# databricks>: Execute SQL statements on Databricks

**databricks>** operator executes SQL statements on Databricks SQL warehouses.


```
_export:
  databricks:
    host: my-workspace.cloud.databricks.com
    warehouse_id: abc123def456
    catalog: my_catalog
    schema: my_schema

+query_from_file:
  databricks>: queries/query.sql

+query_with_parameters:
  databricks>:
  statement: select * from my_table where column1 = :value1 and column2 = :value2
  parameters:
    - name: value1
      value: some_value
    - name: value2
      value: 123
      type: INT

+store_query_results:
  databricks>:
  statement: select count(*) as total_count from my_table
  store_last_results: true

+send_email:
    mail>: body.txt
    to: [me@example.com]
    subject: Total count is ${databricks.last_results.total_count}
```

## Secrets

When you don't know how to set secrets, please refer to [Managing Workflow Secret](https://docs.treasuredata.com/articles/pd/about-workflow-secret-management)

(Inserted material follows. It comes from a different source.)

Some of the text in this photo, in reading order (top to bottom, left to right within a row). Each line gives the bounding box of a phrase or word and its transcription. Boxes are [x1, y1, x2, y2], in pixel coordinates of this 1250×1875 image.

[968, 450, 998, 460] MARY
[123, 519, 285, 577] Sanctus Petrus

### Personal Access Token Authentication (Default)

* **databricks.pat**: STRING
The Databricks Personal Access Token to use for authentication. Use this when `authentication_method: pat` is specified.

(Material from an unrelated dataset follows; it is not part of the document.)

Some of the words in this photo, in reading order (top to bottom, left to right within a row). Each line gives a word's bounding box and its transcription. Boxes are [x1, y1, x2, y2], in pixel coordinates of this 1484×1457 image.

### OAuth Authentication M2M

* **databricks.client_id**: STRING
* **databricks.client_secret**: STRING
OAuth client credentials for Databricks authentication. Use these when `authentication_method: oauth` is specified.


## Options

* **databricks>**: FILE.sql
Path to a query template file. This file can contain `${...}` syntax to embed variables.
Examples:


```
  databricks>: queries/my_query.sql
```

* **statement**: STRING
The SQL statement to be executed. Use this to specify the SQL statement inline instead of using a file. This parameter can contain `${...}` syntax to embed variables.
Examples:


```
  statement: select current_version()
```

* **host**: STRING
The hostname of your Databricks workspace (without https://). *Required*.
Examples:


```
  host: my-workspace.cloud.databricks.com
```

* **warehouse_id**: STRING
The ID of the SQL warehouse to use for query execution. *Required*.
Examples:


```
  warehouse_id: abc123def456ghi789
```

* **catalog**: STRING
The catalog to use for the query. If not specified, uses the warehouse's default catalog.
Examples:


```
  catalog: my_catalog
```

* **schema**: STRING
The schema to use for the query. If not specified, uses the warehouse's default schema.
Examples:


```
  schema: my_schema
```

* **authentication_method**: pat | oauth
The authentication method to use. *Default*: `pat`.
Examples:


```
  authentication_method: pat
```


```
  authentication_method: oauth
```

* **parameters**: LIST
List of parameters to bind to the query using Databricks parameter binding syntax (`:parameter_name`). Each parameter must have `name` and `value` fields, with an optional `type` field.
**Required fields**:
  - `name`: Parameter name (must match the `:parameter_name` in your SQL)
  - `value`: Parameter value as a string
**Optional fields**:
  - `type`: Parameter type hint. If it is not specified, STRING is used. Please refer to [Databricks documentation](https://docs.databricks.com/aws/en/sql/language-manual/sql-ref-datatypes) for supported types.
Examples:


```
  parameters:
    - name: user_id
      value: "12345"
      type: STRING
    - name: min_score
      value: "100"
      type: INT
    - name: is_active
      value: "true"
      type: BOOLEAN
```

* **store_last_results**: BOOLEAN
Whether to store the results of the SQL statement in the store params. *Default*: `false`.
If true, the first row of the result set is stored in the `databricks.last_results` parameter as an object, where column names serve as the keys. Individual column values can be accessed using `${databricks.last_results.column_name}` syntax.
Examples:


```
  store_last_results: true
```

* **_timeout**: DURATION
The maximum time to wait for the task to complete before timing out. The statement execution is canceled if the timeout is reached.
Examples:


```
  _timeout: 30m
```

## Output parameters

* **databricks.last_statement.id**
The statement ID of the executed query.
Examples:


```
  01f0b498-9c6e-1b84-80a6-d4216951d152
```

* **databricks.last_statement.num_records**
The number of records returned by the query.
Examples:


```
  1523
```

* **databricks.last_results**
The first row of the query results as an object. This is only set when `store_last_results: true` is specified.
For example, if the query `select count(*) AS total_count from my_table` returns a single row with a column named `total_count`, you can access it as `${databricks.last_results.total_count}`.


## Limitations

The operator uses the [Databricks REST API - Statement Execution](https://docs.databricks.com/api/workspace/statementexecution)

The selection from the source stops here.